Investors were disappointed in the second-quarter earnings results for lululemon athletica (NASDAQ:LULU). The athletic apparel specialist posted strong sales results for the period despite customer traffic pressures tied to the coronavirus pandemic. But its earnings decline, plus a cautious outlook for the rest of 2020, had Wall Street focused on short-term risks.
CEO Calvin McDonald outlined those risks in a conference call with analysts while explaining why management is feeling confident that the worst of the pandemic's impact is behind the business. Let's look at some highlights from that discussion.
Our stores are small and designed to be an efficient use of space with high levels of traffic, which results in high productivity. While these are appealing attributes, the current capacity constraints understandably limit the number of guests who can be in the store at one time.
Lululemon is carefully managing traffic volumes to minimize the risk of coronavirus outbreaks. This strategy has stores operating at about 75% of their normal productivity level, and that's a big reason in-store sales dived 51% this quarter.

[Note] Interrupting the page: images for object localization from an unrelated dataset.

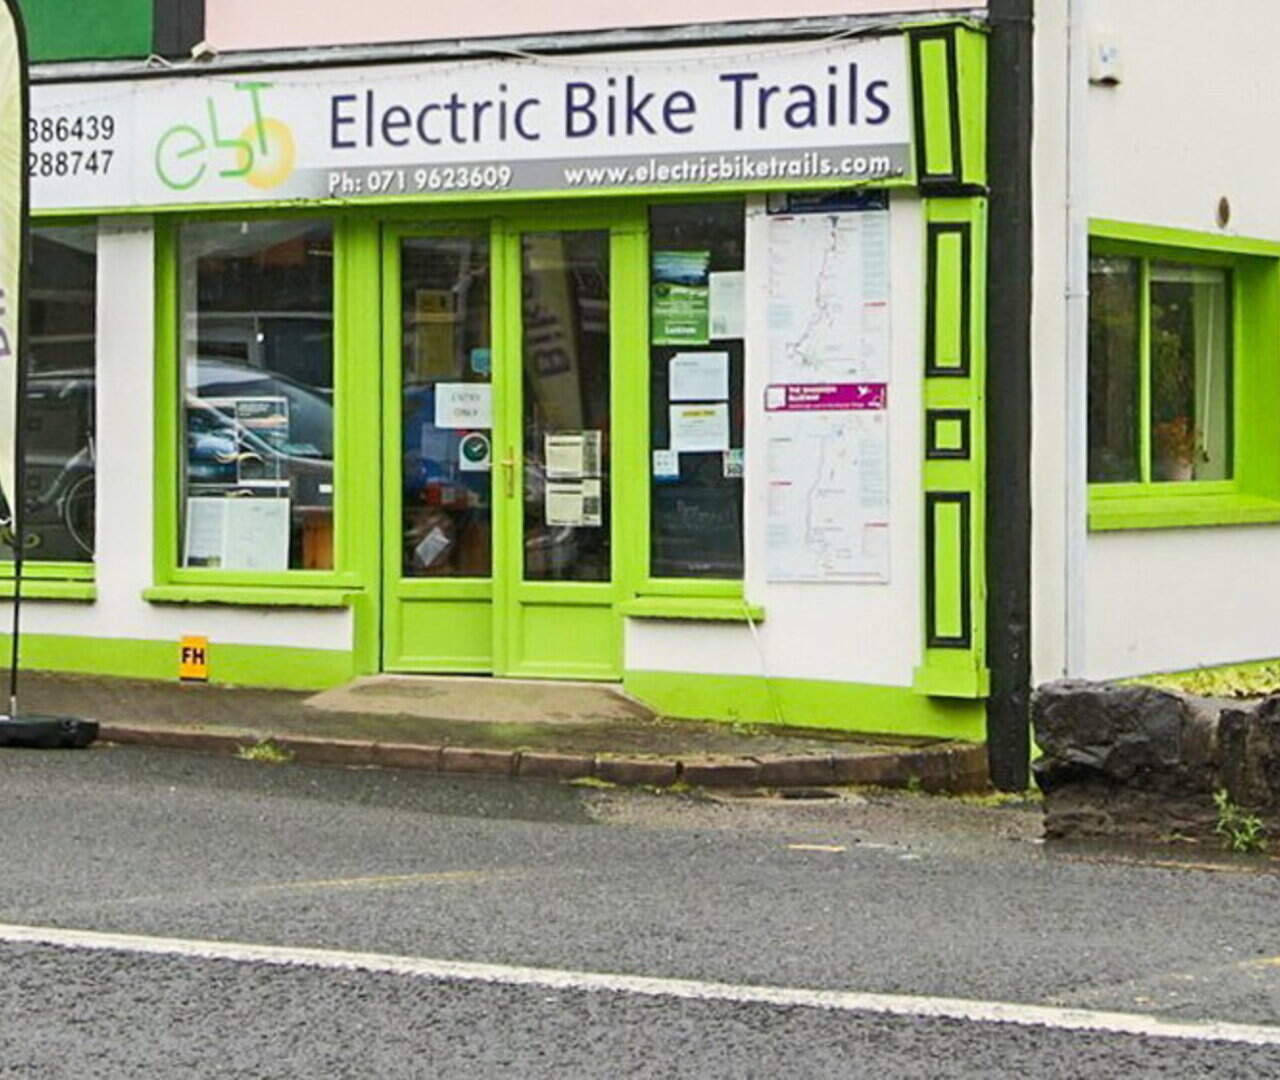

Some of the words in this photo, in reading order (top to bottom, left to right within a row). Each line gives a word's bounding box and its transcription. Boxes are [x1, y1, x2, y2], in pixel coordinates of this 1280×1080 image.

[331, 83, 542, 149] Electric
[565, 75, 697, 138] Bike
[720, 62, 892, 131] Trails
[328, 173, 362, 193] Ph:
[369, 171, 406, 192] 071
[414, 165, 512, 191] 9623609
[563, 152, 891, 186] www.electricbiketrails.com
[181, 647, 205, 665] FH
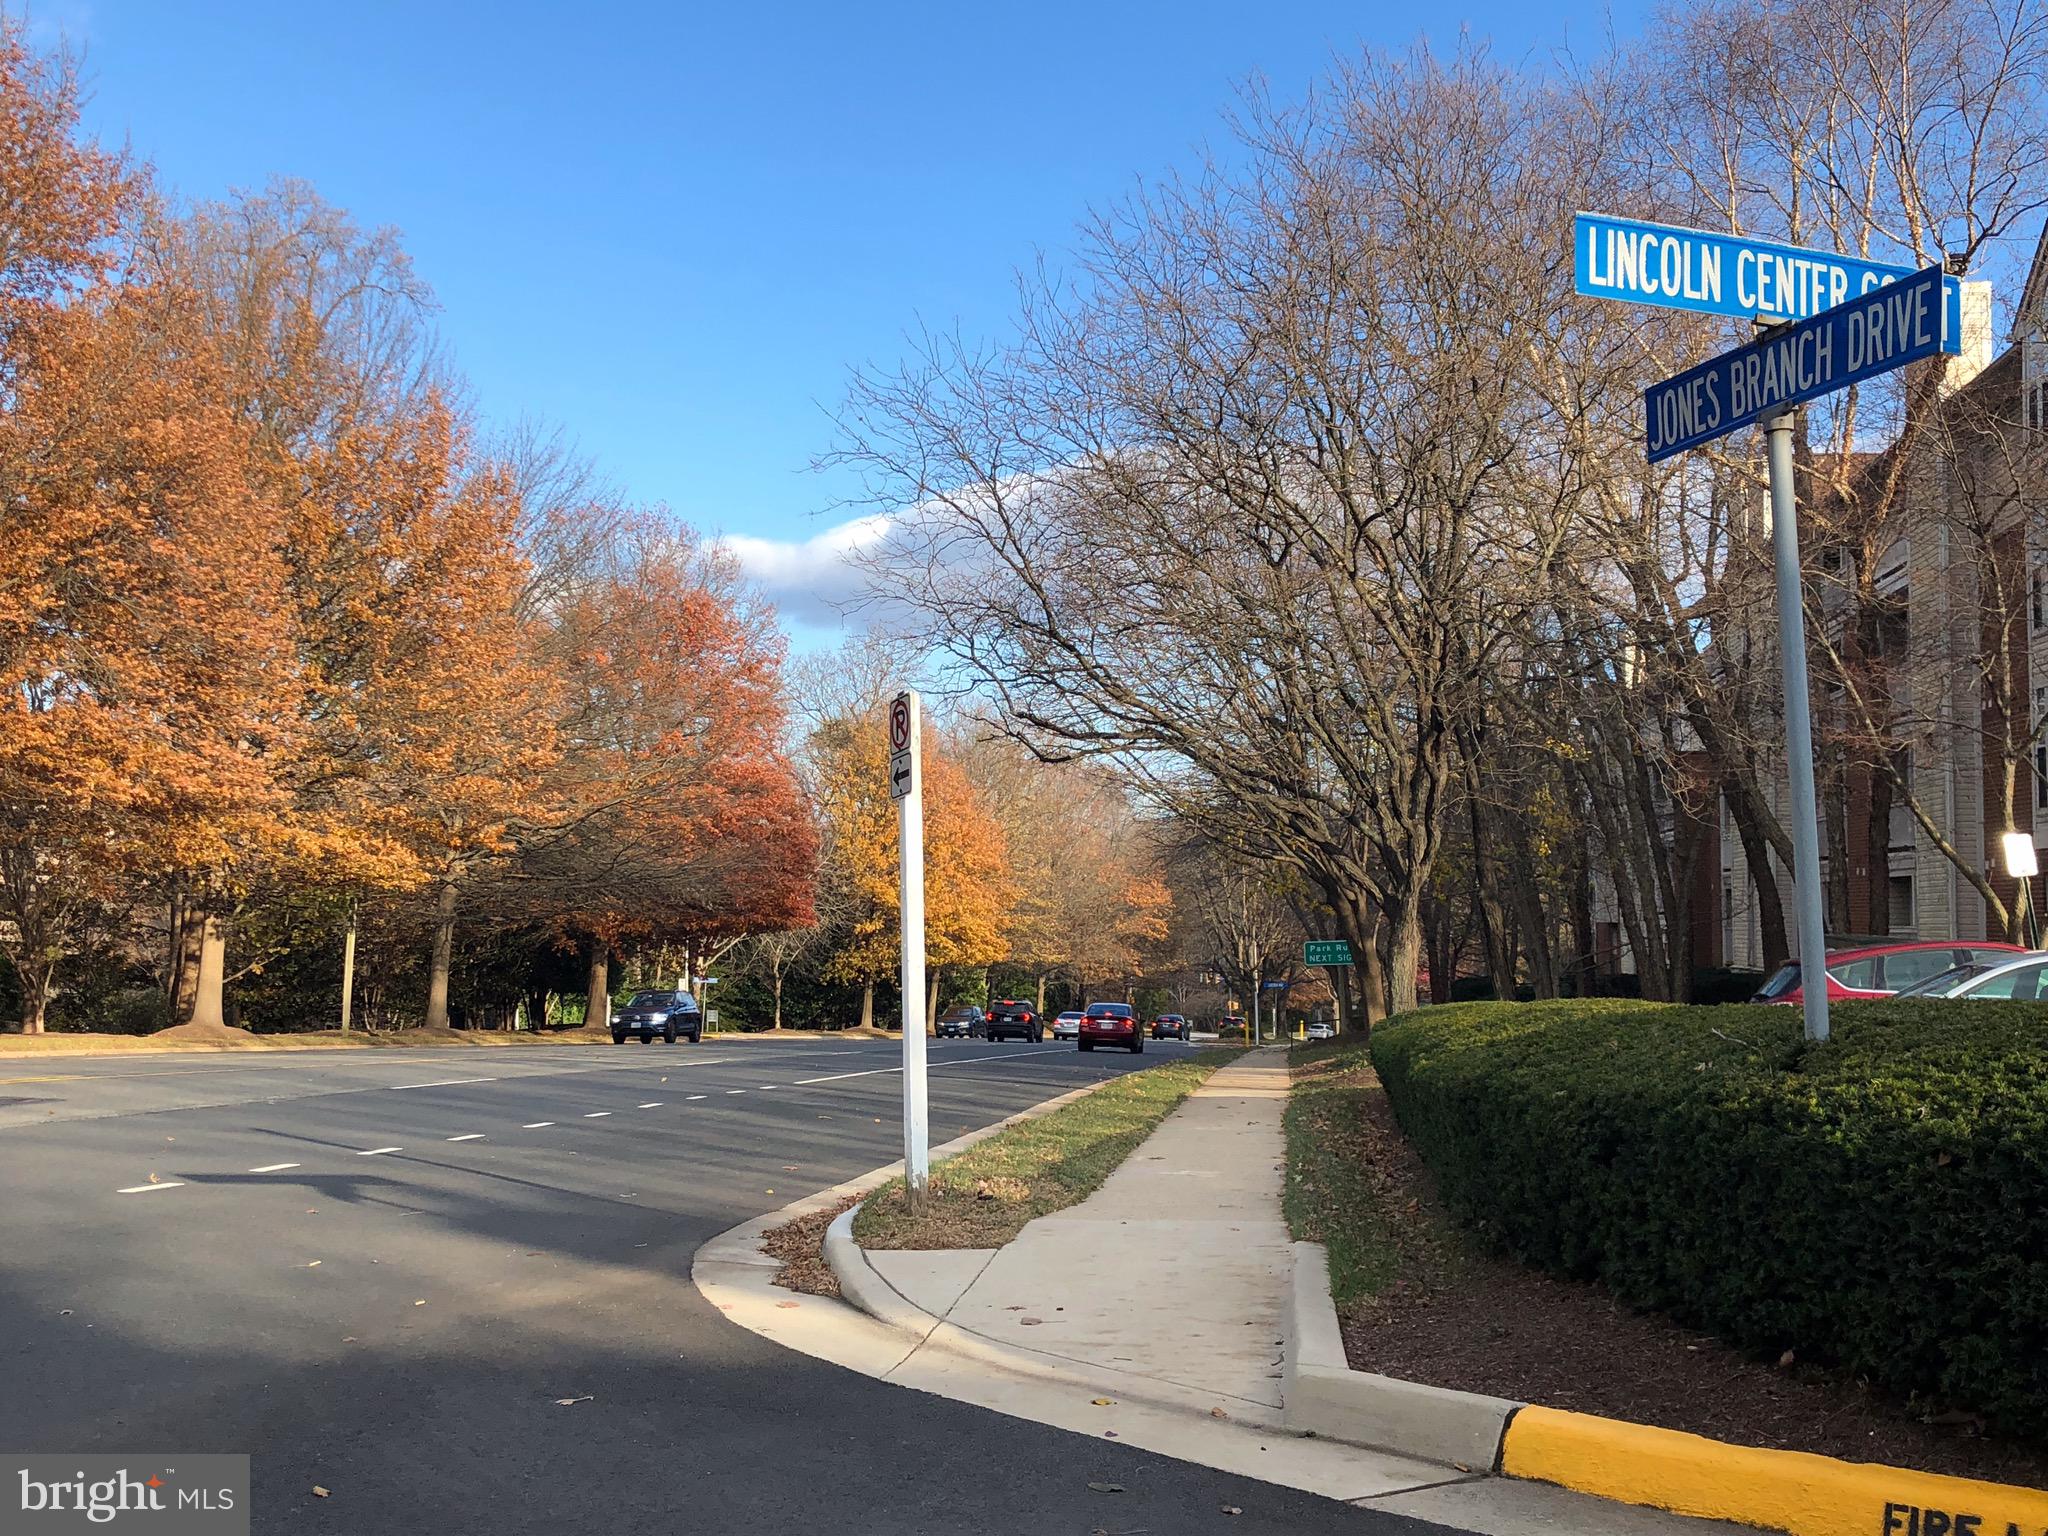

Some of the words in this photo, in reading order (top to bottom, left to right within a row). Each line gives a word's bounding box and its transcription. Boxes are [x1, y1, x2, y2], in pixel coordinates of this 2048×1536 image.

Executives aren't expecting any improvement in this customer traffic bottleneck at least through the rest of 2020 while COVID-19 remains uncontained in key markets like the U.S. But that doesn't mean they are any less bullish about having a robust store network that supports the company's online distribution.
Lululemon plans to add dozens of new locations this year, including over 70 seasonal shops during the next two quarters. "We continue to believe physical stores are and always will be an extremely important part of our ecosystem," McDonald said.
As our stores continue to recover, our e-commerce business has accelerated from a 41% comp in quarter four of last year to 157% comp in the current quarter. Similar to quarter one, we've seen a healthy mix of new guests, existing e-commerce guests, and historically retail-only guests now shopping with us online.
The e-commerce segment saved the day again for the business, with comparable-sales gains accelerating to 157% from 68% three months ago. Success was broad-based in this niche and included steady gross profit margins and spiking demand from traditionally underrepresented demographics like men.
The chain believes the digital channel will continue to be an outsize growth avenue even after the coronavirus threat ends, and so it is pouring resources into bulking it up in areas like fulfillment and IT infrastructure. "We pulled forward investments ... to ensure our guests continue to receive an elevated experience when shopping our sites," executive vice president Meghan Frank said.
A tricky holiday season ahead
It's important to note that our view on total revenue growth in the back half assumes no improvement to the 75% productivity levels we're currently experiencing in reopened stores.
Lululemon didn't issue a detailed growth outlook, but executives did make some general predictions about the next six months. Sales should continue inching higher, as they did in Q2, as the business leans more on the e-commerce channel while stores are operating at reduced capacities. Executives expect digital gains to slow from this past quarter's 157% spike now that its entire store base is open.
They still don't see a big concern with Lululemon's elevated inventory holdings and believe they can work through the buildup over the next few quarters. The outlook for this period is unusually cloudy, but the retailer is holding to its latest long-term growth strategy that calls for doubling its men's business and e-commerce segment while quadrupling its international footprint by the end of fiscal 2023.